What all should you do when your FULLz was stolen? I have done the standard things. Inform police, change account numbers, call credit agencies. I doubt I could change social security number, medical number or military serial number.

Not even DHs or the ftc are left out of this witch hunt

Ive been a victim of IDentity theft and going on nine years trying to fix it with putting credit freezes as well using IDtheft.gov phablet . But , I'm still trying to catch up on the damage it has done to my life I feel like I've been left in the dark just by your self It has affected my life in so many different ways , making me feel so powerless and I'm so tired of fighting and trying to get things removed but Time is ticking. I can say after nine years it has ruined my life it so hard to get someone to help out. It takes money to fix and your paying bills Not even mine . Now I think its time to throw in the towel and claim Bankruptcy. The government needs more of a task force , agents , or a special division to work on these issues for the American people. So our Security won't be in Jeperdey , and the Red White and Blue is Not at such a Risk . More CyberSecurity will do US some good for our nation, Hard working Americans! My self I just don't use the internet anymore but that's just a big trust issue I have now due to this Identity Theft.

Dear JayHawk , this part of your comment "your paying bills Not even mine" , does no make sense. If you have appropriately notified all fraudulent creditors , that you are the "Victim" you should NOT be paying bills that are not yours. By submitting the FTC's Affidavit of ID Theft, and a copy of the police report to the Reporting agencies, they obligated to remove those from your credit history. AND by sending those documents by certified mail to the false creditors they too are to close those accounts and NOT sell it off to another collection agency. It was NOT your account. If either the Fraudulent Creditors or the Reporting Agencies refuse to close them , continue to report all of them to the BBB.org FTC, CFPB and your Attorney General, and any other Consumer agency in your state, refusal to help an Victim of ID theft clear up the mistake is Fraudulent Practice also.
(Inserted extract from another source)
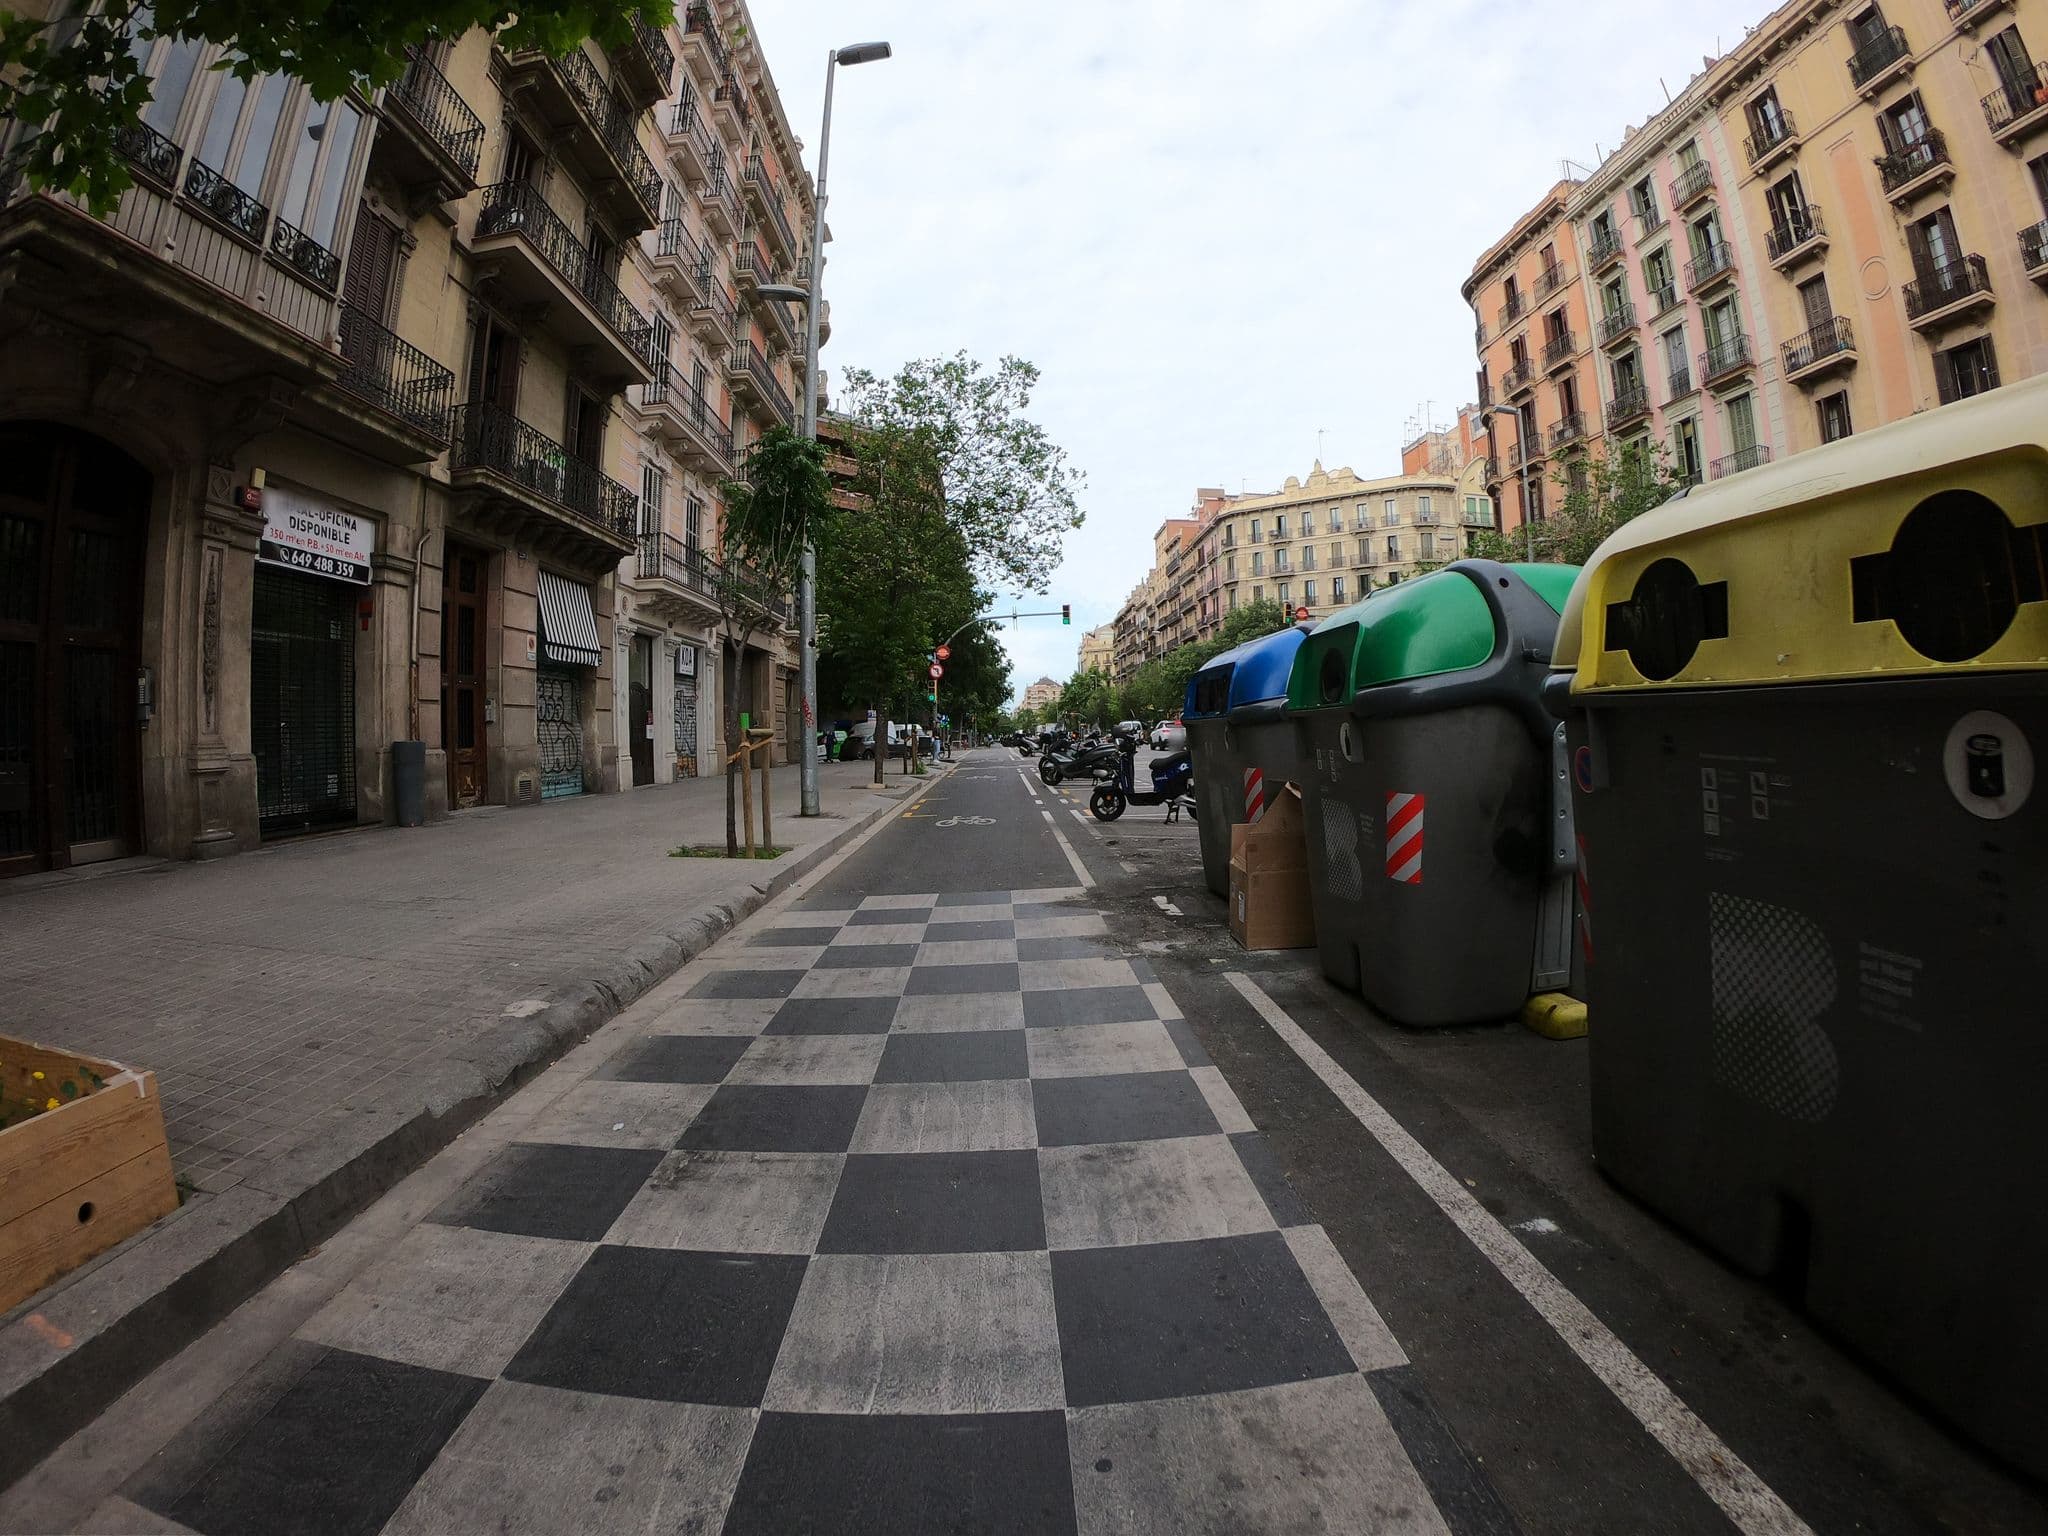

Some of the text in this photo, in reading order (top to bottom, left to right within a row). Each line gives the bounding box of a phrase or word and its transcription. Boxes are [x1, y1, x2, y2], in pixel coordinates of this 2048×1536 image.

[289, 516, 350, 545] DISPONIBLE
[292, 550, 354, 578] 649 488 359
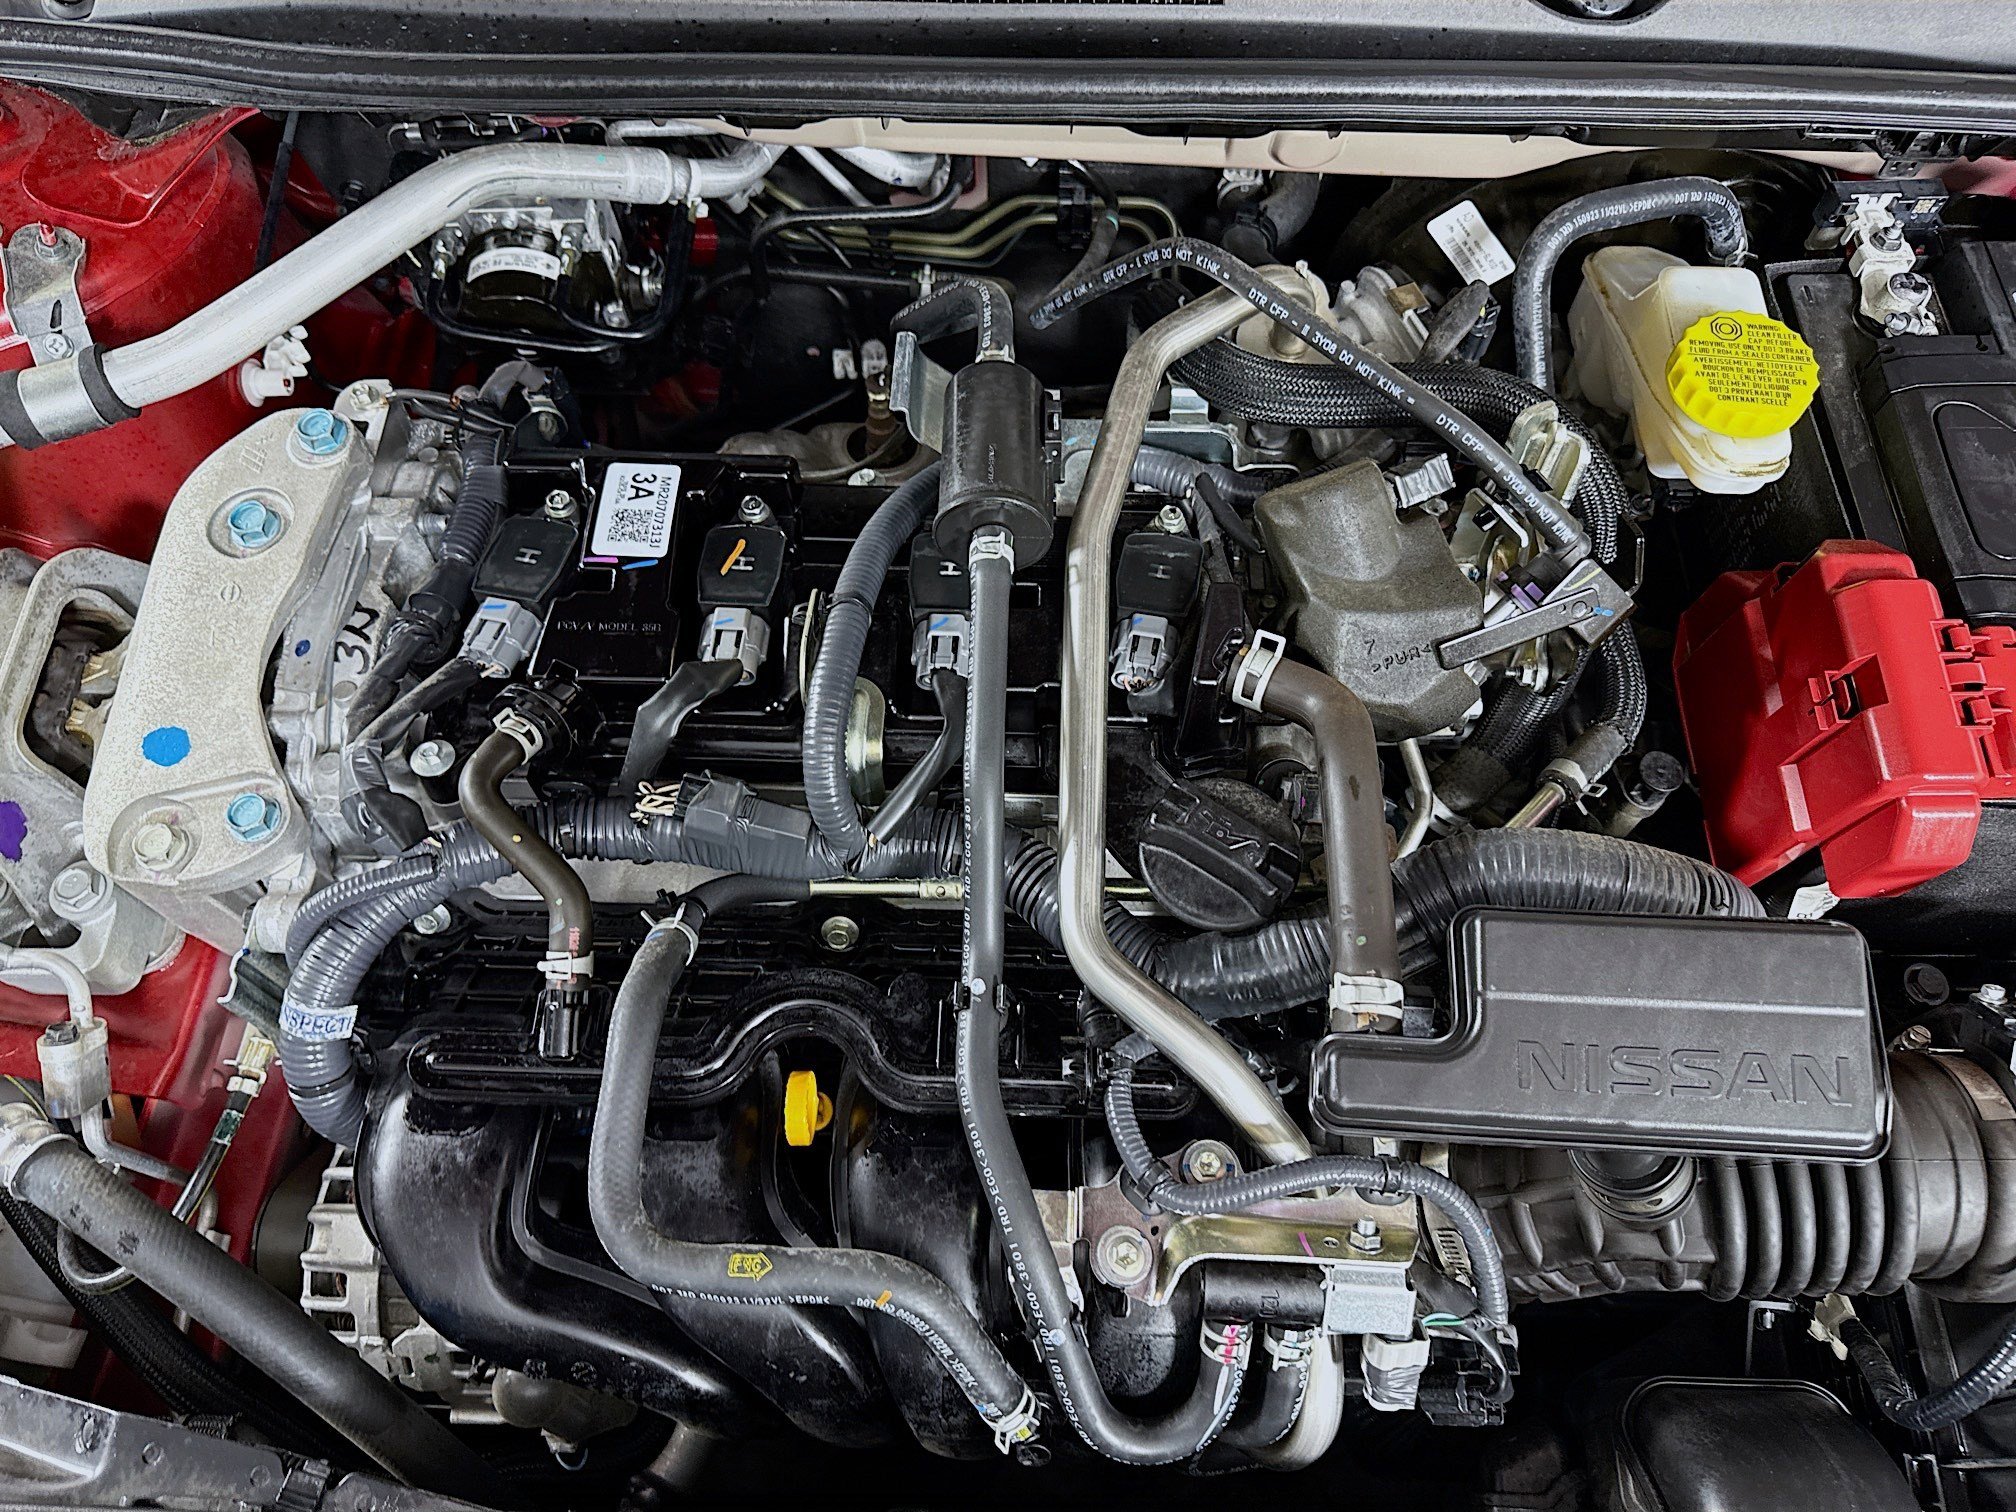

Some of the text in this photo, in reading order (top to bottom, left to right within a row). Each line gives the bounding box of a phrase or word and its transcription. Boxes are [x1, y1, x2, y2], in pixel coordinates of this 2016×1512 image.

I think that we have come to a different age in technology and I do not understand why every site does not have a fingerprint system, facial recognition, as well as voice recognition. With those in place it would make it virtually impossible for anyone to hack anything. I think that our governments should be working on that instead of testing how long it takes for hackers to take advantage of people. I am going through identity theft as we speak and feel unsafe to the point that I do not even want to touch any electronics. Maybe that is my fault for being naïve, or trusting. One year ago I was just learning how to email. I have come a long way since, but apparently have way more to learn. I also think there should be an education level of technology before a person is even allowed to use a device like a computer or a phone. I wouldn't call myself a senior citizen, but I did come from an age group where it was not mandatory to learn computer skills in school. Now I wish I did. Now learning is consuming my life and I am happy to learn. I want to be able to protect all my family and the people I care about. I also want my freedom, as well as my privacy back.